Developing error tolerant workplace systems

What is error tolerance?

Error tolerance refers to the ability of a system to remain functional even after an error. In other words, it is the ability of a system, or the component therein, to continue normal operations despite the presence of erroneous inputs.

An error tolerant system is one where the results of committing errors are relatively harmless. Despite evident errors, the intended result may still be achieved with either minimal or no corrective action by the user/operator. An example of building error tolerance is the scheduled inspection and maintenance program for electrical transmission line poles. For example, allowing multiple opportunities to identify fatigue cracks, degree of pole sag etc, before they become critical.

Individuals are amazingly error tolerant, even when physically damaged. We are extremely flexible, robust, creative, and skilled at finding explanations and meanings from partial and noisy evidence. The same properties that lead to such robustness and creativity also produce errors. The natural tendency to interpret partial information can cause operators to misinterpret system behavior in such a plausible way that the misinterpretation can be difficult to discover. Therefore, designing systems that predict and capture error; in other words that contain multiple layers of defences, are more likely to prevent accidents that result from human error.

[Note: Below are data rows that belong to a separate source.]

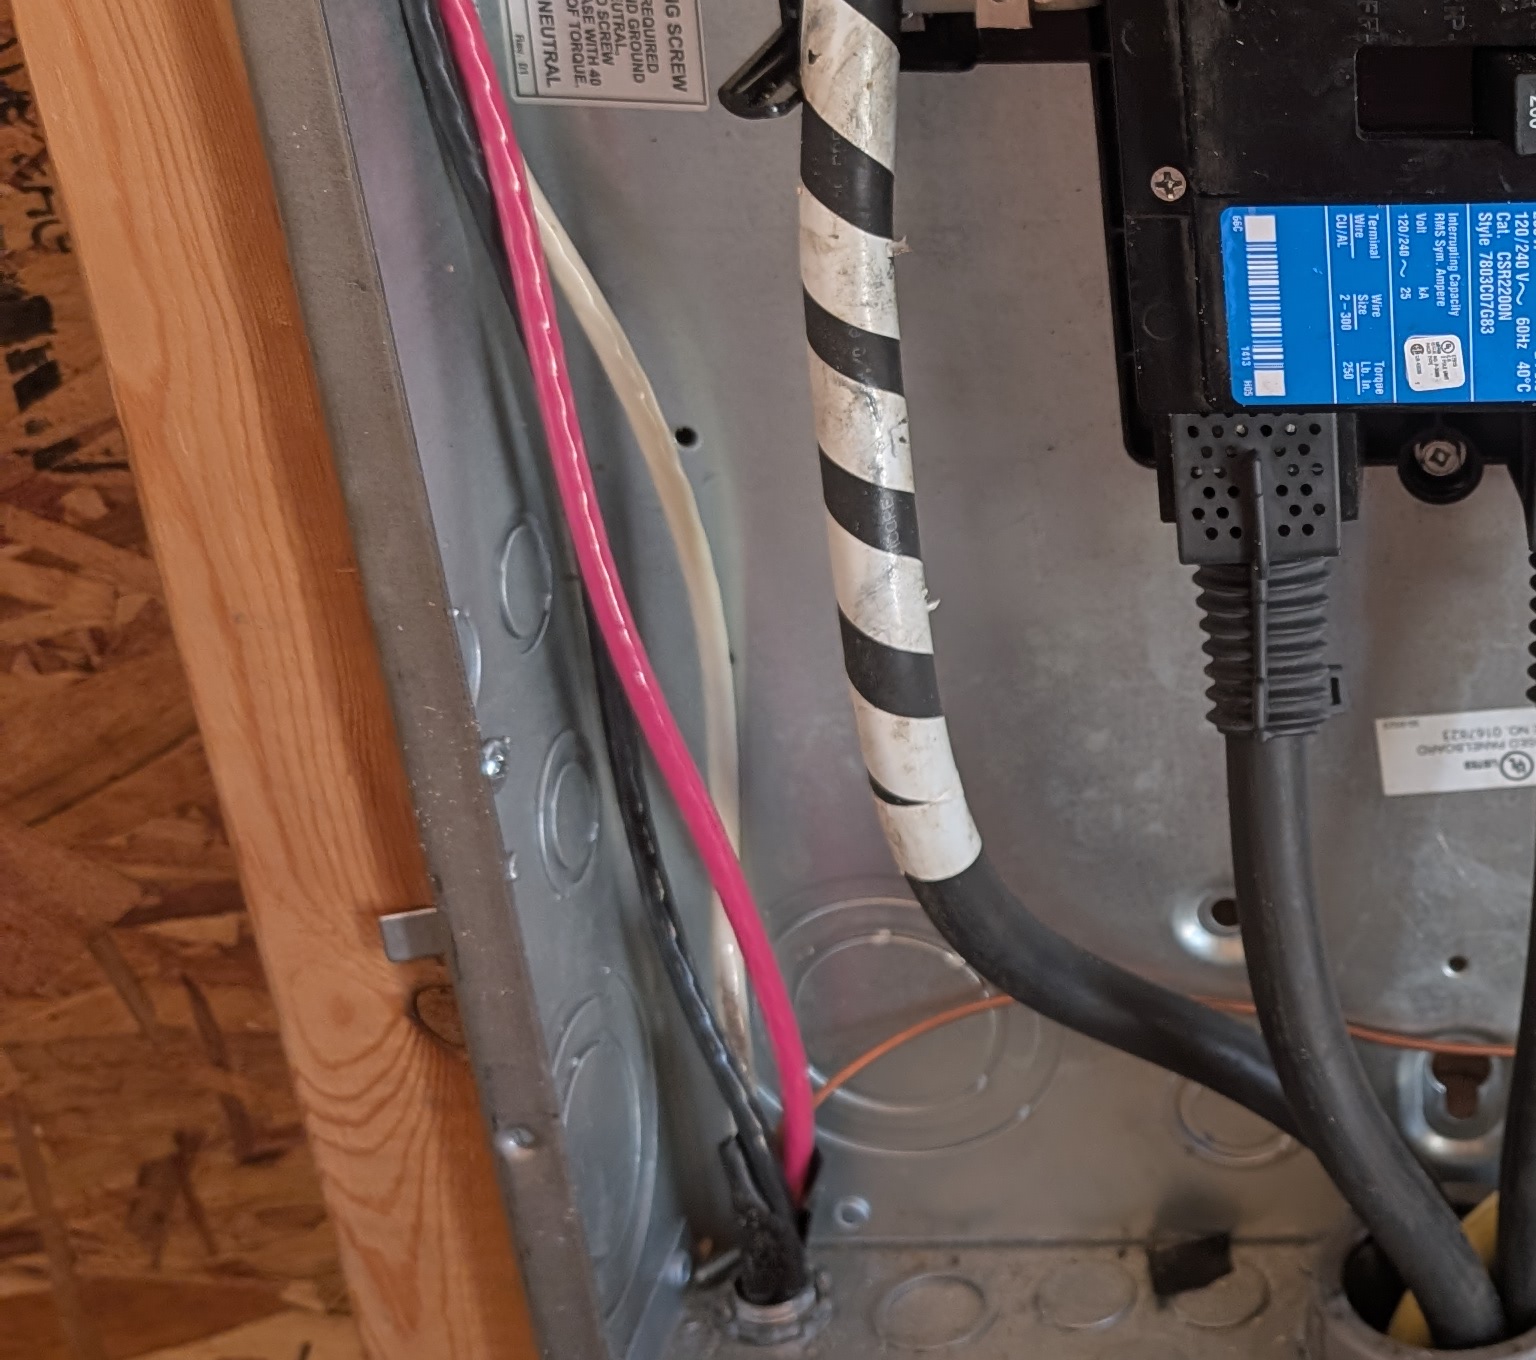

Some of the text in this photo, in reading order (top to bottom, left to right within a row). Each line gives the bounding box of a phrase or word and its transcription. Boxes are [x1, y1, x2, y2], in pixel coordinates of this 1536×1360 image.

[537, 0, 561, 88] NEUTRAL
[568, 21, 586, 89] TORQUE.
[583, 29, 599, 65] WITH
[599, 11, 614, 65] SCREW
[629, 18, 645, 84] GROUND
[666, 23, 688, 93] SCREW
[589, 69, 602, 86] 40
[1335, 214, 1349, 248] CU/AL
[1354, 214, 1364, 238] Wire
[1368, 214, 1380, 259] Terminal
[1398, 213, 1411, 300] 120/240 25
[1416, 213, 1429, 300] Volt kA
[1434, 213, 1447, 307] RMS Sym. Ampere
[1446, 212, 1461, 317] Interrupting Capacity
[1475, 212, 1495, 334] Style 7803C07G83
[1497, 212, 1512, 321] Cat. CSR2200N
[1357, 294, 1369, 315] Size
[1371, 294, 1382, 318] Wire
[1514, 211, 1531, 393] 120/240 60Hz 40°C
[1241, 346, 1251, 367] 1413
[1343, 361, 1354, 380] 250
[1360, 361, 1372, 393] Lb. In.
[1372, 361, 1385, 395] Torque
[1416, 741, 1505, 756] PANELBOARD

The typical features of an error tolerant system include:

  • Open and transparent error reporting programs not focused on culpability and blame.
  • Human factors training with the specific application of error identification, capture and management.
  • Non jeopardy based observational auditing programs that examine threat and error management skills of safety critical workers.
  • Strict adherence to standard operating procedures (SOP’s) and standard communication phraseology.
  • Human centered design of equipment.
  • Systems to continually learn the lesson of previous incidents.
  • Using automation where possible, particular for routine and monotonous tasks that overly rely of operator vigilance.

 Group Discussion:

  1. Examine the Error Tolerance Checklist below and answer the questions as they apply to any workplace you are familiar with?
  2. How does the organisation rate regarding the typical features of an error tolerant system? What is present and what is missing?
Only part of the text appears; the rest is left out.